Of course, the vast range of brain sizes found among cognitively normal modern humans suggests that
within
any species there is no close relationship between brain size and smarts. But
among
species the story is different. If you plot out the relationship between brain and body sizes
among
mammals in general, you find that there is indeed a strong relationship between the two variables. As body sizes increase, so do brain volumes (though typically in mammals brain volumes don't increase as fast as body size). One of the many notable features of
Homo sapiens
is that our large brains place us way above the curve that describes this basic relationship. We have much bigger brains than you would predict for a mammal of our body size.
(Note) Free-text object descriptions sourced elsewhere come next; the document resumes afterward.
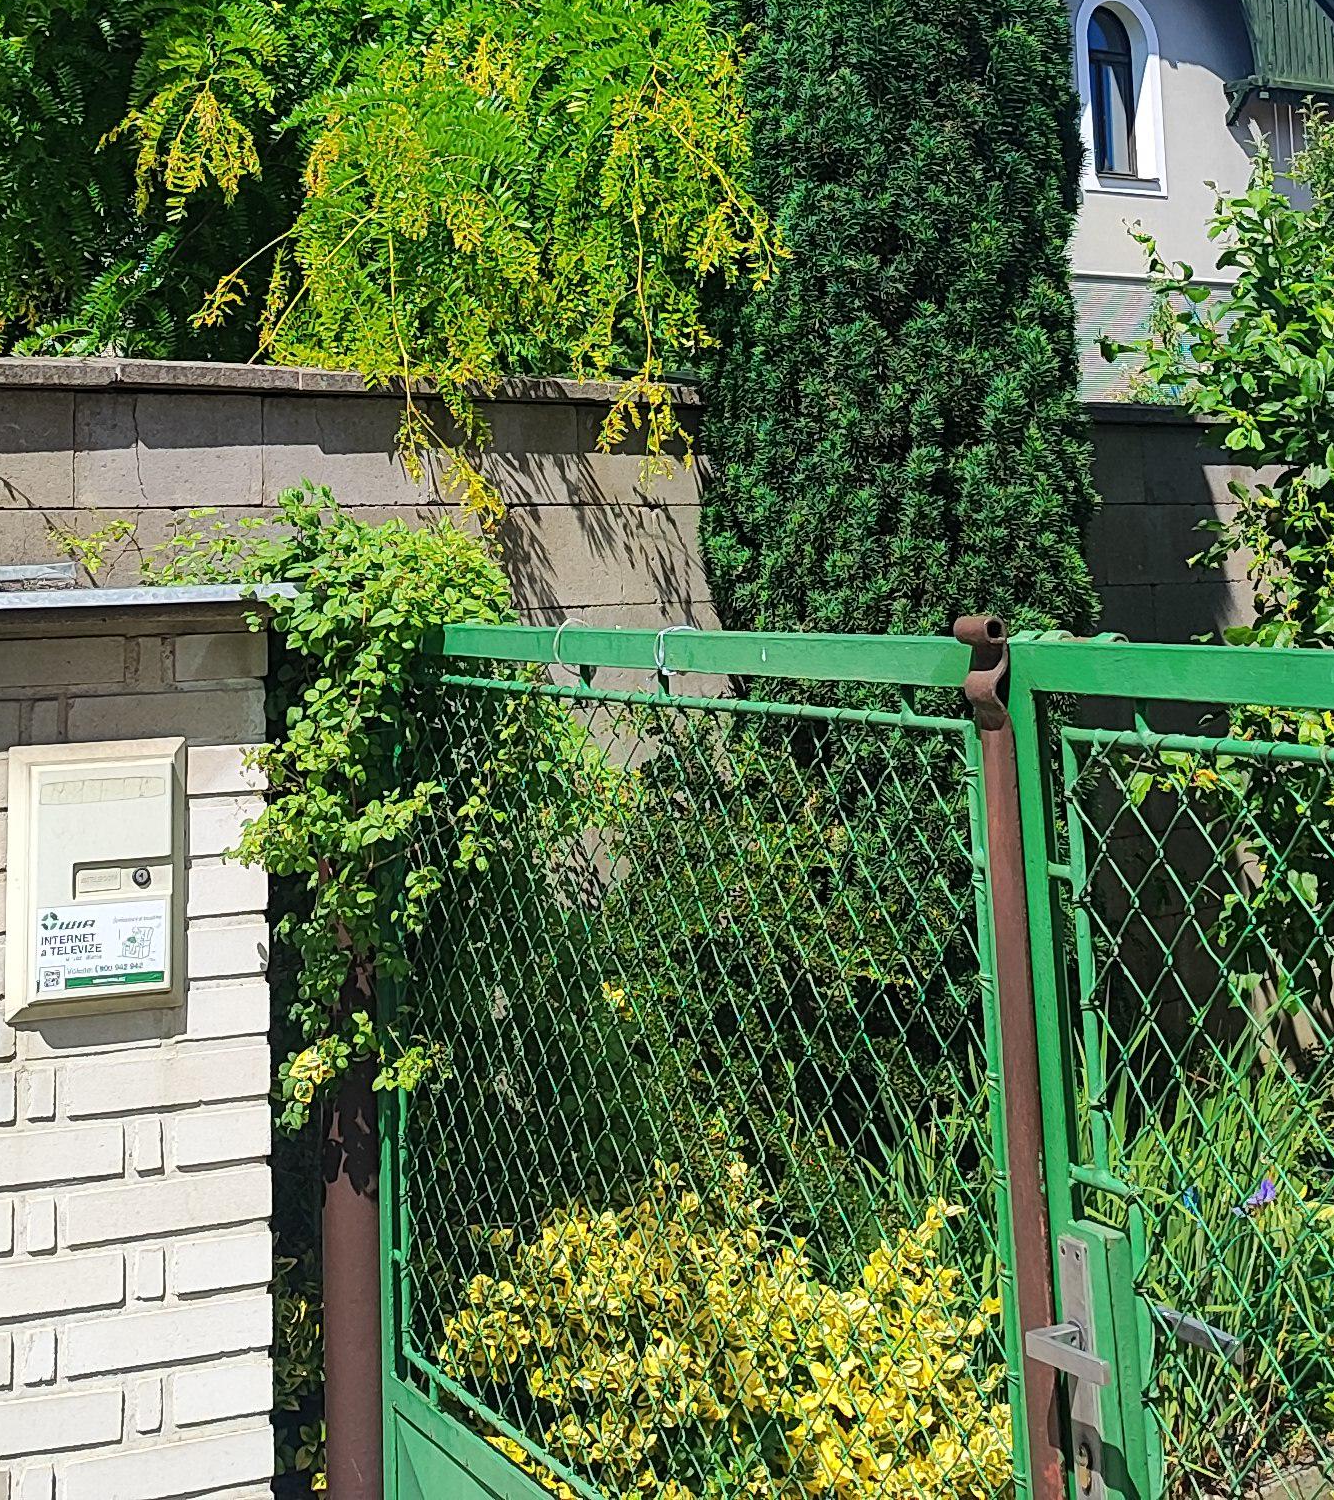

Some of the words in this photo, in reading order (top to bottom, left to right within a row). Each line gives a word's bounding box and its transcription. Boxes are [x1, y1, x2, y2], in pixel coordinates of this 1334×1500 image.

[40, 932, 97, 947] INTERNET
[40, 949, 47, 957] a
[50, 943, 103, 957] TELEVIZE
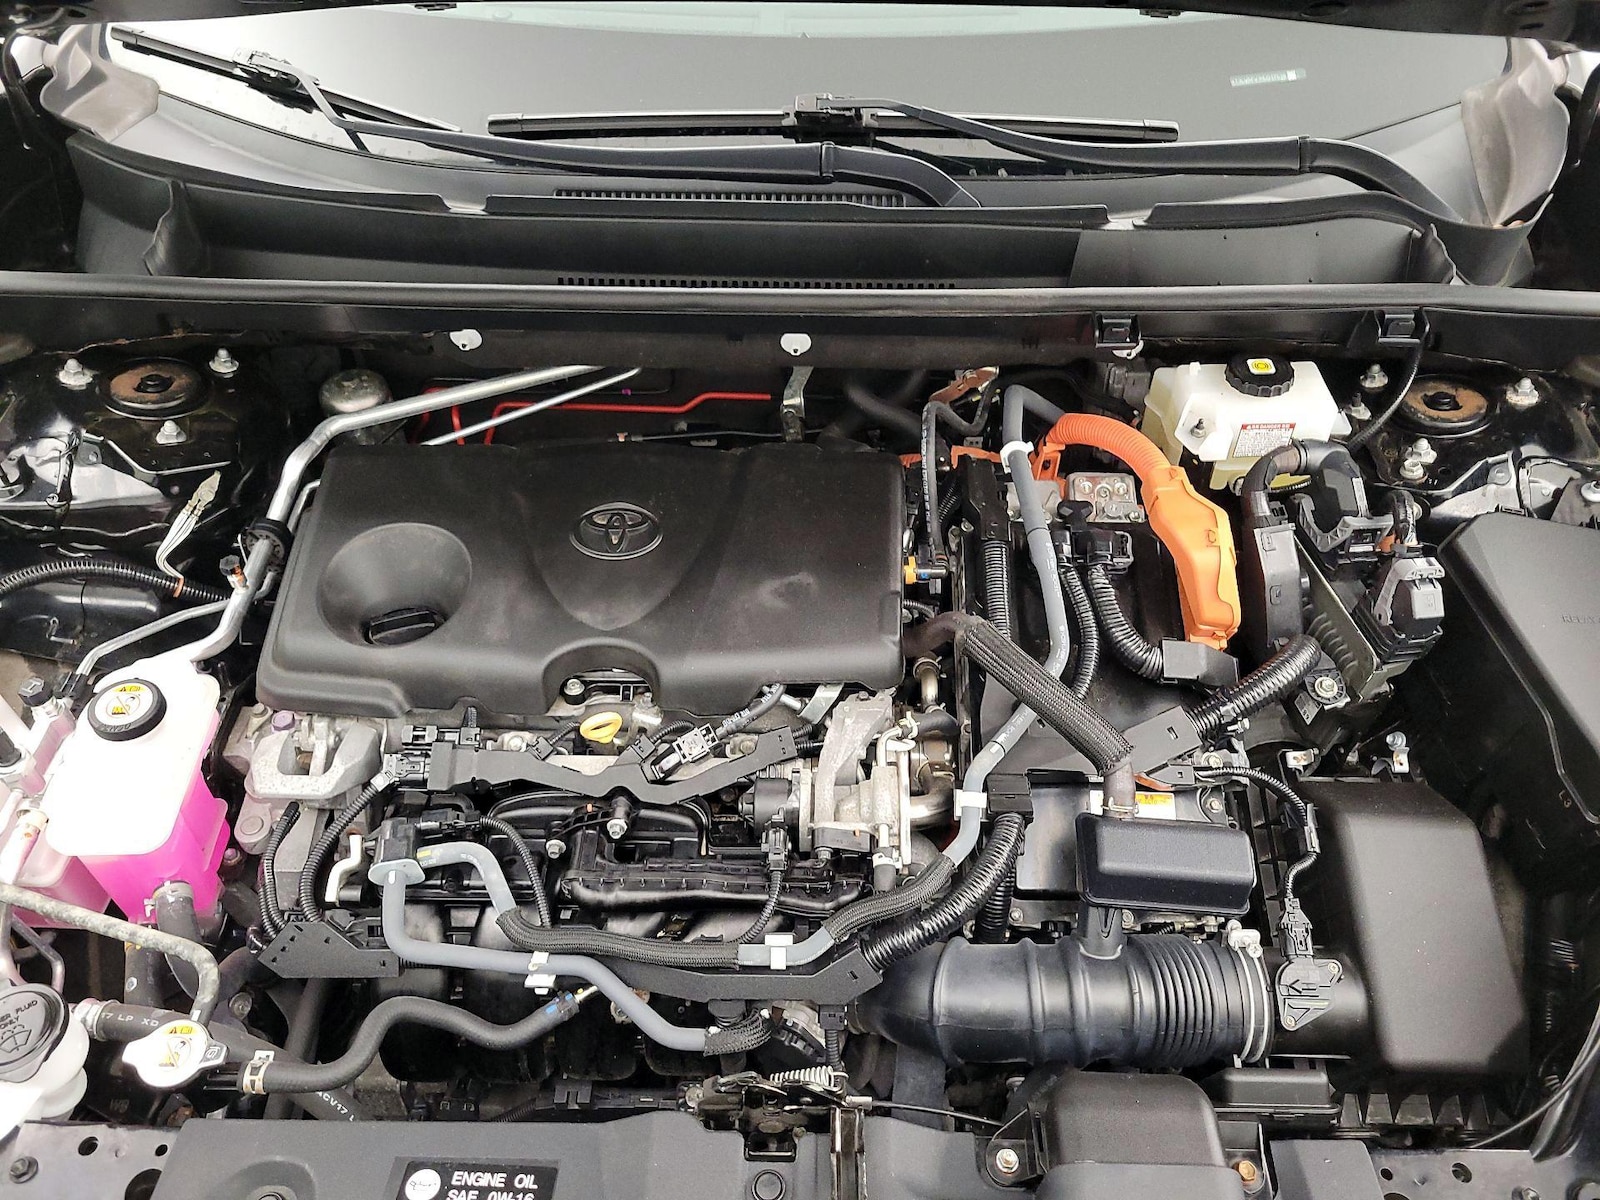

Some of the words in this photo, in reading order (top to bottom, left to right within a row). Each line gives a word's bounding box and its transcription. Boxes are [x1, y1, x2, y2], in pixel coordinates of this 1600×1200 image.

[15, 1000, 38, 1014] FLUID
[117, 1013, 134, 1022] LP
[141, 1017, 160, 1027] XD
[451, 1170, 507, 1188] ENGINE
[514, 1173, 538, 1190] OIL
[446, 1189, 479, 1200] SAE
But the Turkana Boy and his kin were less remarkable in this respect. They departed much less strikingly than we do from the typical primate brain–to–body size relationship, although they also diverged from the specifically great ape pattern of relatively smaller brains with increased body size. These early members of our genus may well have been the smartest mammals of their day; but they almost certainly perceived the world, and processed information about it, differently than we do. They were a long way from being simply junior-league versions of ourselves, and we should resist the temptation to view them that way.